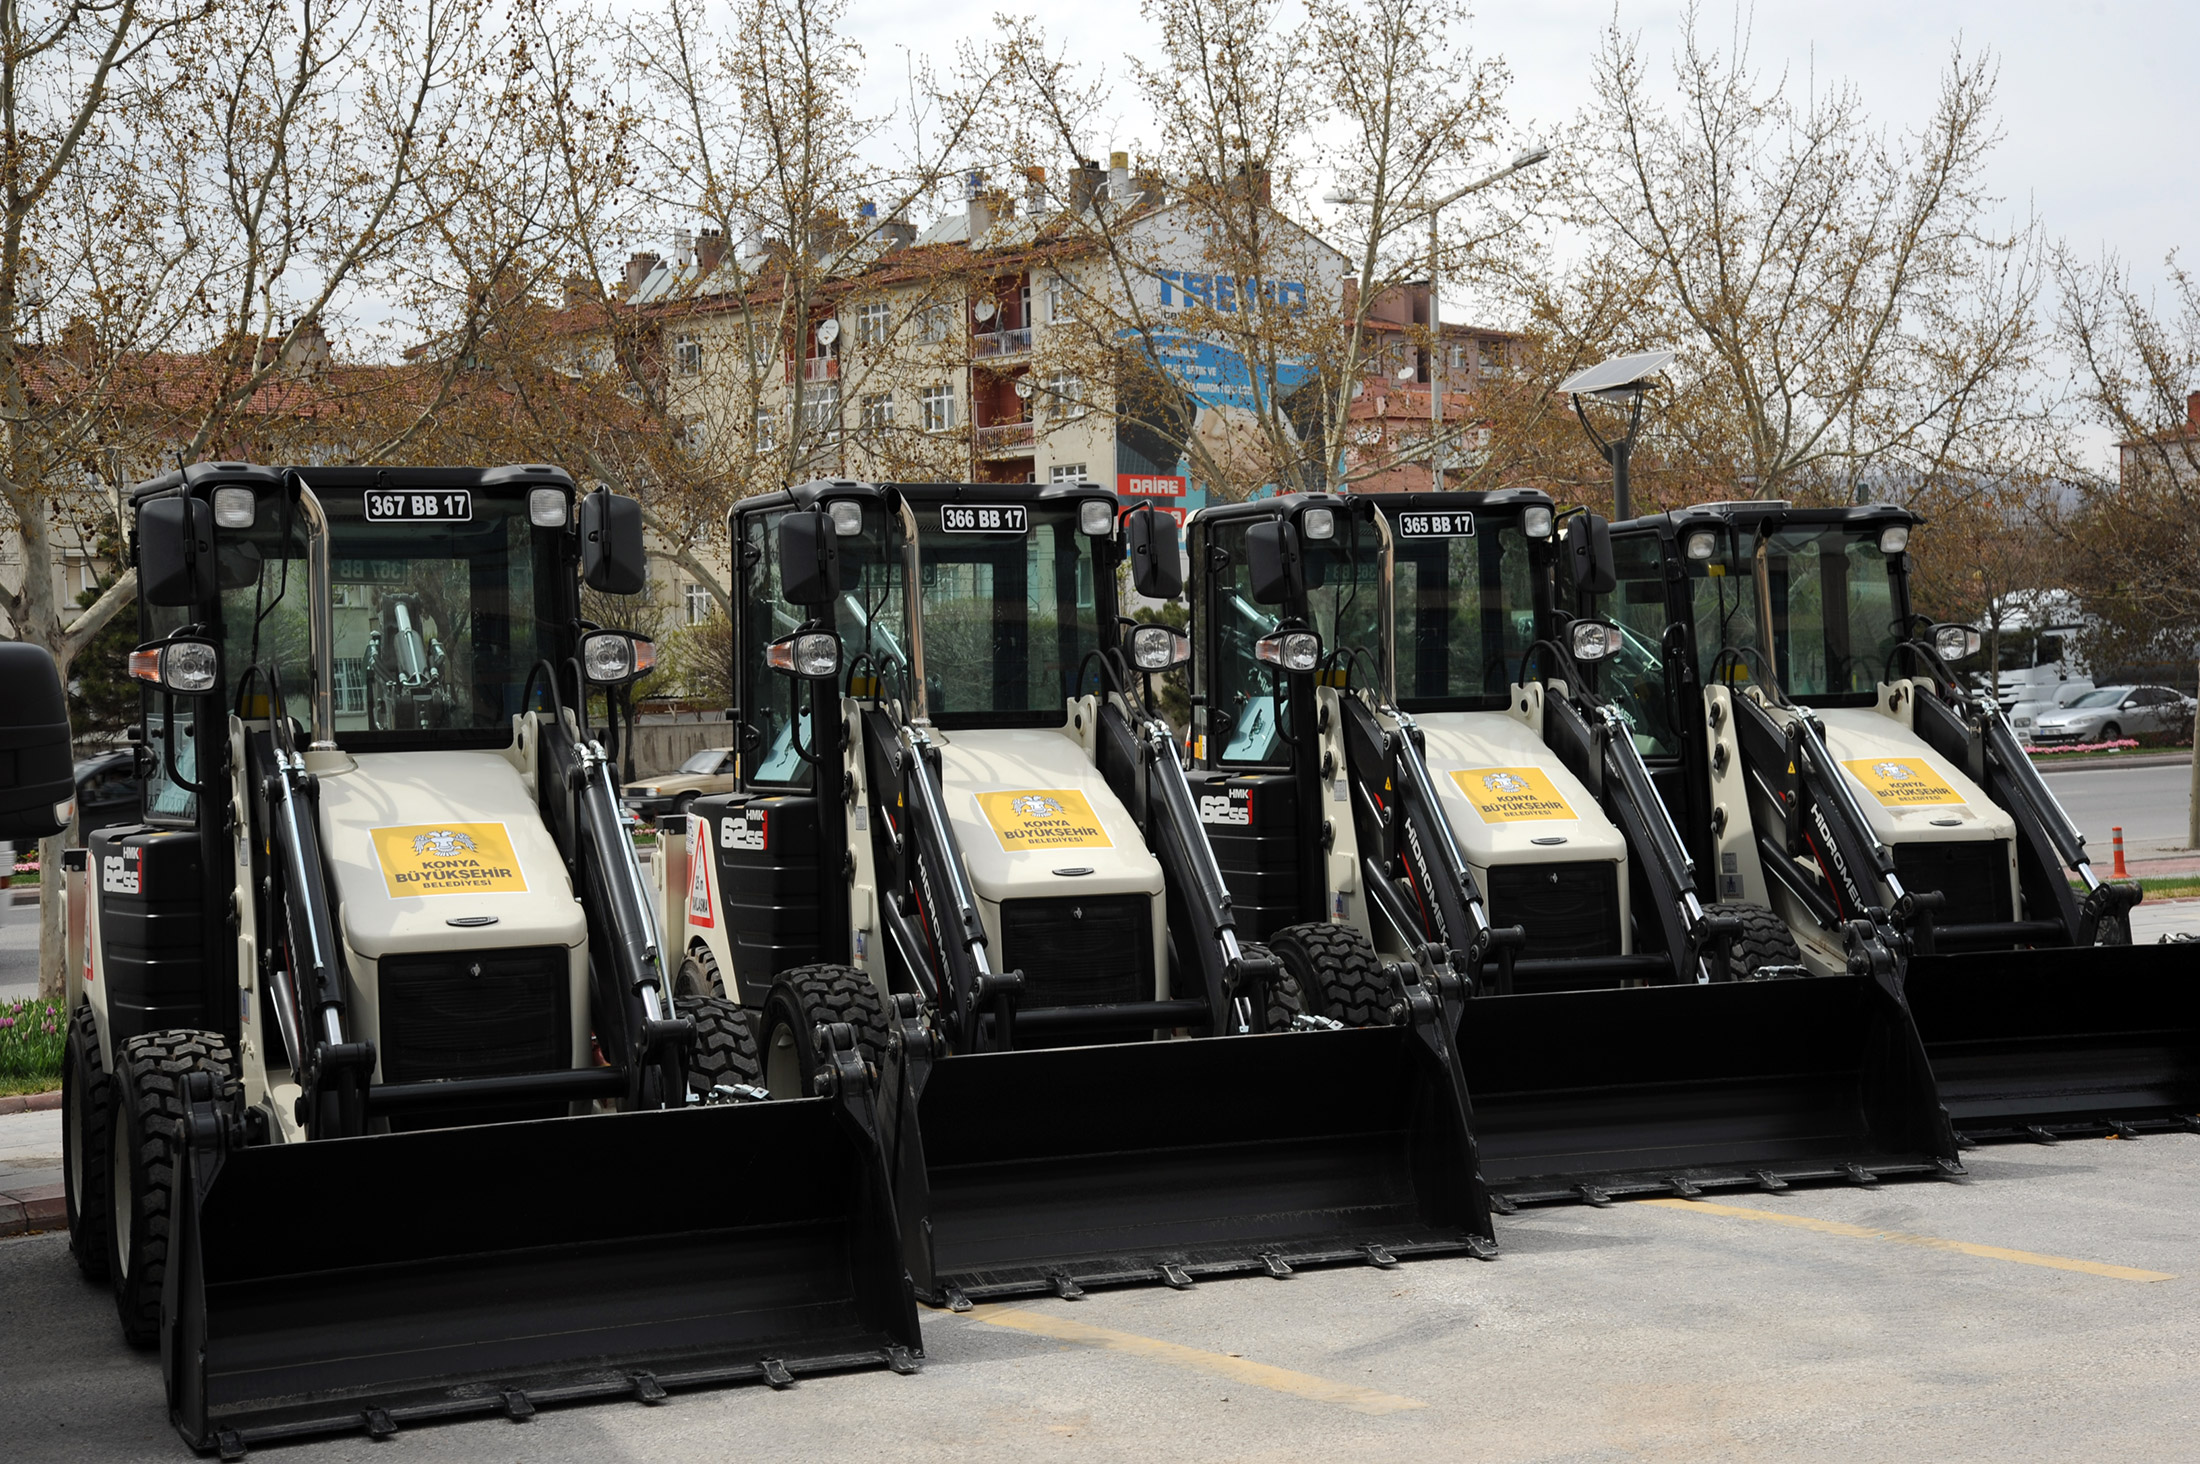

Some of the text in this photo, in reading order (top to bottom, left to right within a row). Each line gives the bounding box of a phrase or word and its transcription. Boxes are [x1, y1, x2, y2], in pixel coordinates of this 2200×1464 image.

[1129, 477, 1179, 494] DAİRE
[371, 495, 466, 516] 367 BB 17
[946, 509, 1023, 528] 366 BB 17
[1404, 516, 1470, 533] 365 BB 17
[1229, 789, 1249, 799] HMK
[1496, 794, 1538, 803] KONYA
[746, 809, 765, 821] HMK
[1023, 819, 1071, 829] KONYA
[123, 846, 140, 860] HMK
[422, 859, 480, 869] KONYA

## [INSTRUCTIONS TO FOLLOW]
Your reply should hold every line of the material, unaltered, and not one picture.

## [ANSWER SECTION]
Some of the text in this photo, in reading order (top to bottom, left to right within a row). Each line gives the bounding box of a phrase or word and its transcription. Boxes are [x1, y1, x2, y2], in pixel coordinates of this 2200×1464 image.

[1129, 477, 1179, 494] DAİRE
[371, 495, 466, 516] 367 BB 17
[946, 509, 1023, 528] 366 BB 17
[1404, 516, 1470, 533] 365 BB 17
[1229, 789, 1249, 799] HMK
[1496, 794, 1538, 803] KONYA
[746, 809, 765, 821] HMK
[1023, 819, 1071, 829] KONYA
[123, 846, 140, 860] HMK
[422, 859, 480, 869] KONYA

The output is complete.